_TASK REQUIREMENTS_
Though the entries contain pictures, the copy you make should hold only the rest, exactly as written.

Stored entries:
□ □ □ □ □ □ □

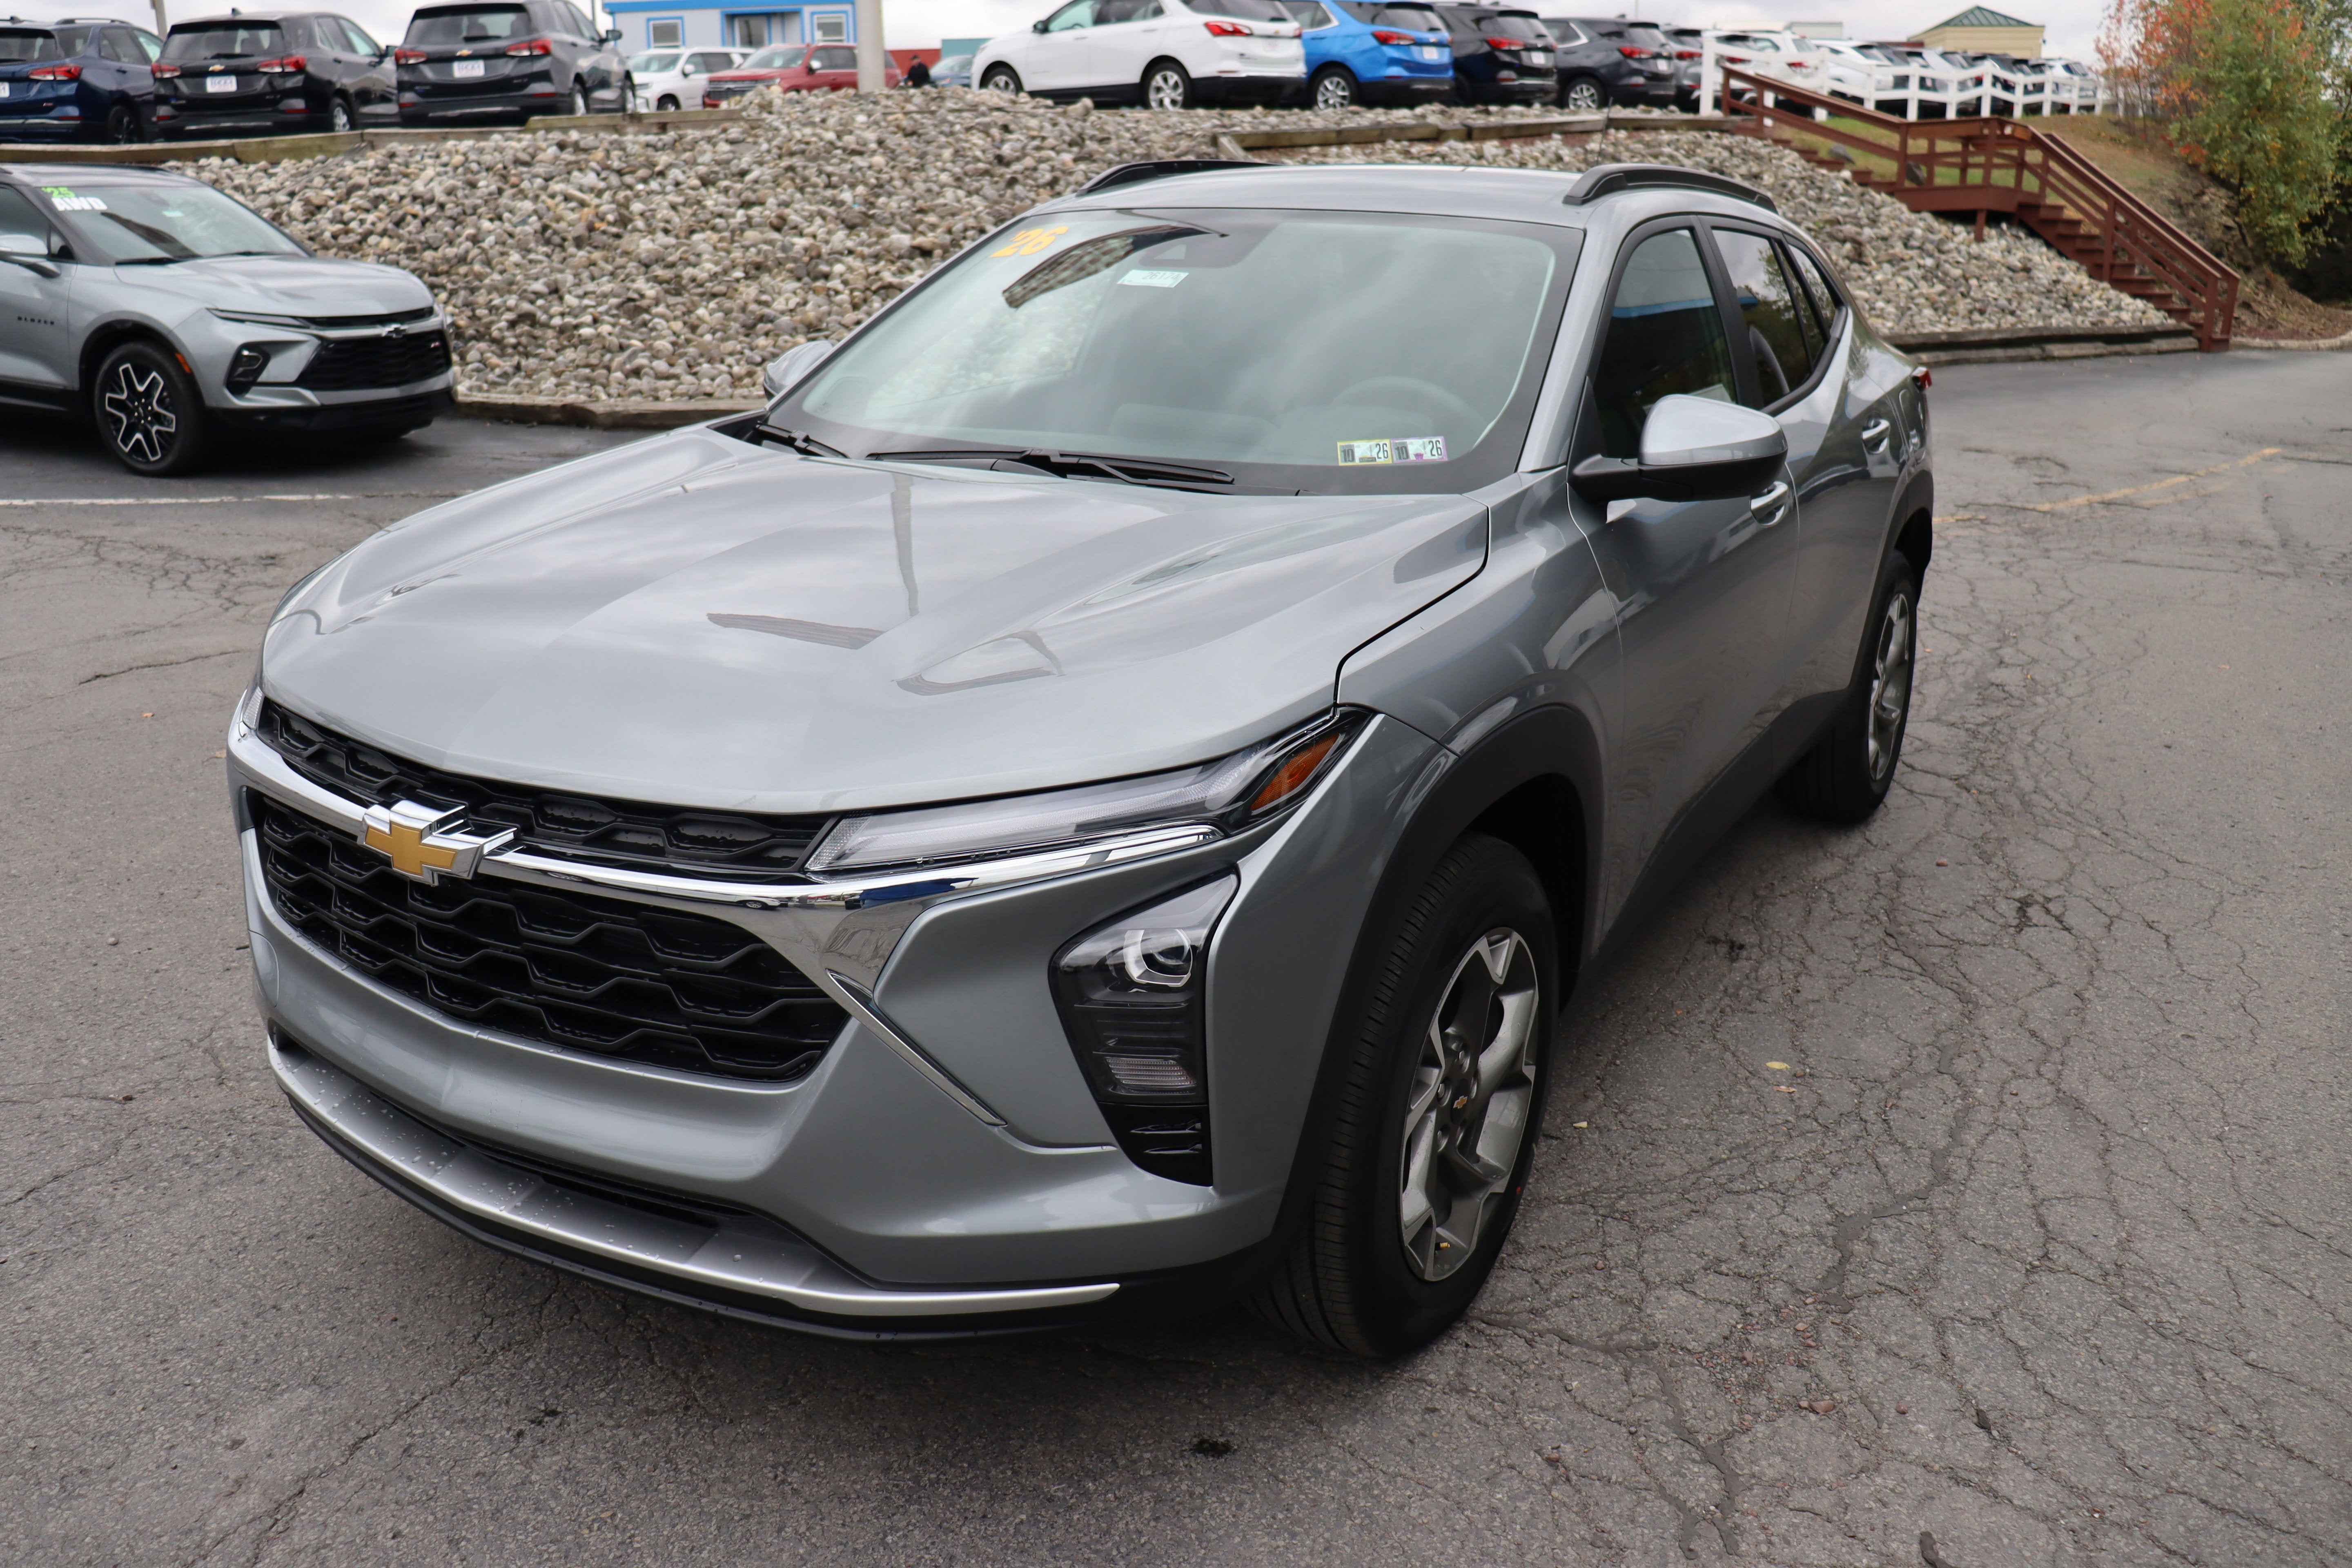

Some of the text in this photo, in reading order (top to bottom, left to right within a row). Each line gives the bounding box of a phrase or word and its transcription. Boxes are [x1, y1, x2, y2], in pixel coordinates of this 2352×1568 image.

[51, 197, 108, 212] AWD
[1142, 272, 1181, 281] 26174
[1375, 443, 1389, 459] 26
[1394, 445, 1409, 460] 10
[1428, 440, 1443, 457] 26

□ □ □ □ □ □ □

_SOLUTION_
Some of the text in this photo, in reading order (top to bottom, left to right within a row). Each line gives the bounding box of a phrase or word and its transcription. Boxes are [x1, y1, x2, y2], in pixel coordinates of this 2352×1568 image.

[51, 197, 108, 212] AWD
[1142, 272, 1181, 281] 26174
[1375, 443, 1389, 459] 26
[1394, 445, 1409, 460] 10
[1428, 440, 1443, 457] 26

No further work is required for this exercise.